A solo horas de disputarse el evento deportivo más esperado del año en Estados Unidos, el Super Bowl vuelve a confirmar que no solo se trata de un partido, sino de una experiencia reservada para unos pocos. La expectativa crece tanto dentro como fuera del estadio, mientras miles de aficionados buscan ser parte de una cita que combina deporte, música y espectáculo a escala global.
Con el paso de las horas, el mercado de boletos refleja la magnitud del evento. Las entradas para presenciar la gran final del fútbol americano presentan cifras que van desde los 3.100 hasta más de 18.000 dólares, cuando resta poco tiempo para que los New England Patriots y los Seattle Seahawks se enfrenten en el Levi’s Stadium de Santa Clara, California.
De acuerdo con plataformas de venta en línea como VividSeats, el asiento más económico disponible ronda los 3.100 dólares, permitiendo el acceso tanto al partido como al esperado show de medio tiempo, que este año estará a cargo del artista puertorriqueño Bad Bunny.
Aunque el precio mínimo ha registrado una leve disminución en las últimas 24 horas —ya que previamente se ofrecían desde 3.600 dólares—, la tendencia ha sido distinta en los sectores más exclusivos. Los boletos VIP y las ubicaciones preferenciales del estadio aumentaron alrededor de 2.000 dólares, alcanzando valores cercanos a los 18.600 dólares.

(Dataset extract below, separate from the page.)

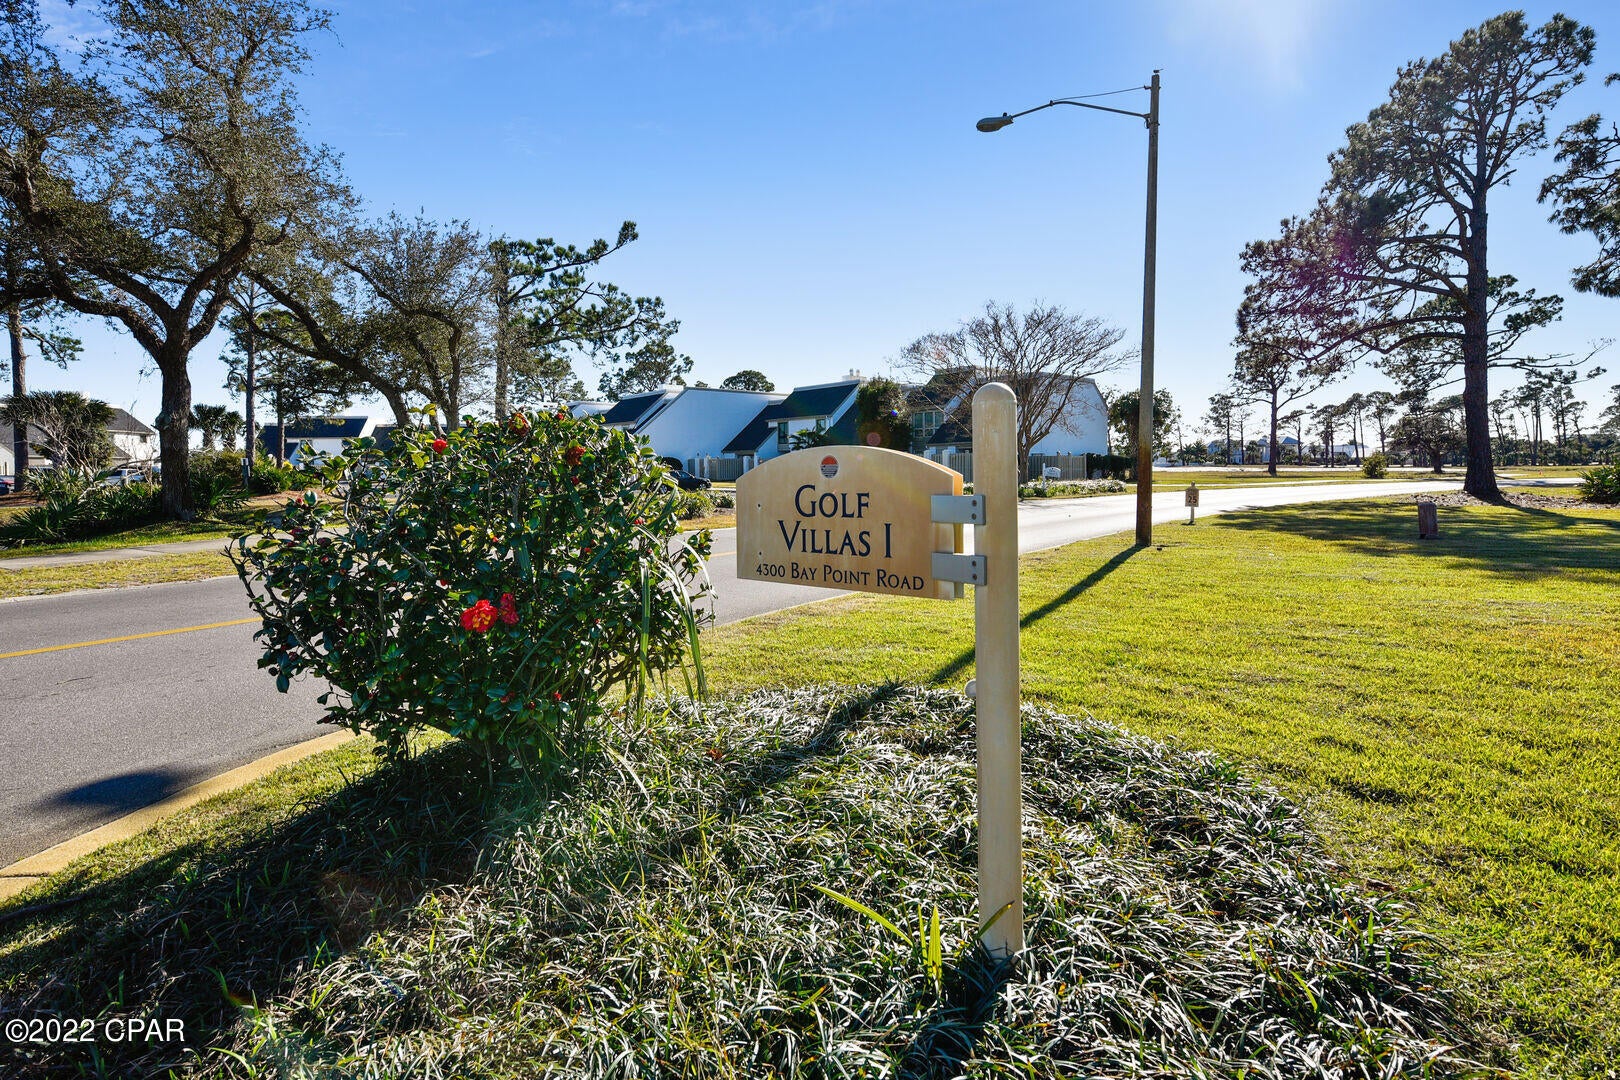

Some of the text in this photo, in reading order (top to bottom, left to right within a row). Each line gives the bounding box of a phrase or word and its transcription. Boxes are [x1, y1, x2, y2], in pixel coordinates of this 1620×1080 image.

[794, 484, 870, 519] GOLF
[1188, 495, 1198, 503] 25
[778, 520, 892, 558] VILLAS I
[756, 562, 924, 591] 4300 BAY POINT ROAD

Mientras tanto, el ambiente festivo se extiende más allá del estadio. En San Francisco, ciudad donde la NFL instaló su cuartel general para este fin de semana, las calles se han llenado de música, activaciones y eventos especiales en zonas emblemáticas como Union Square y Fisherman’s Wharf, calentando el ambiente previo a la edición número 60 del Super Bowl, una final que ya se vive como un verdadero festival.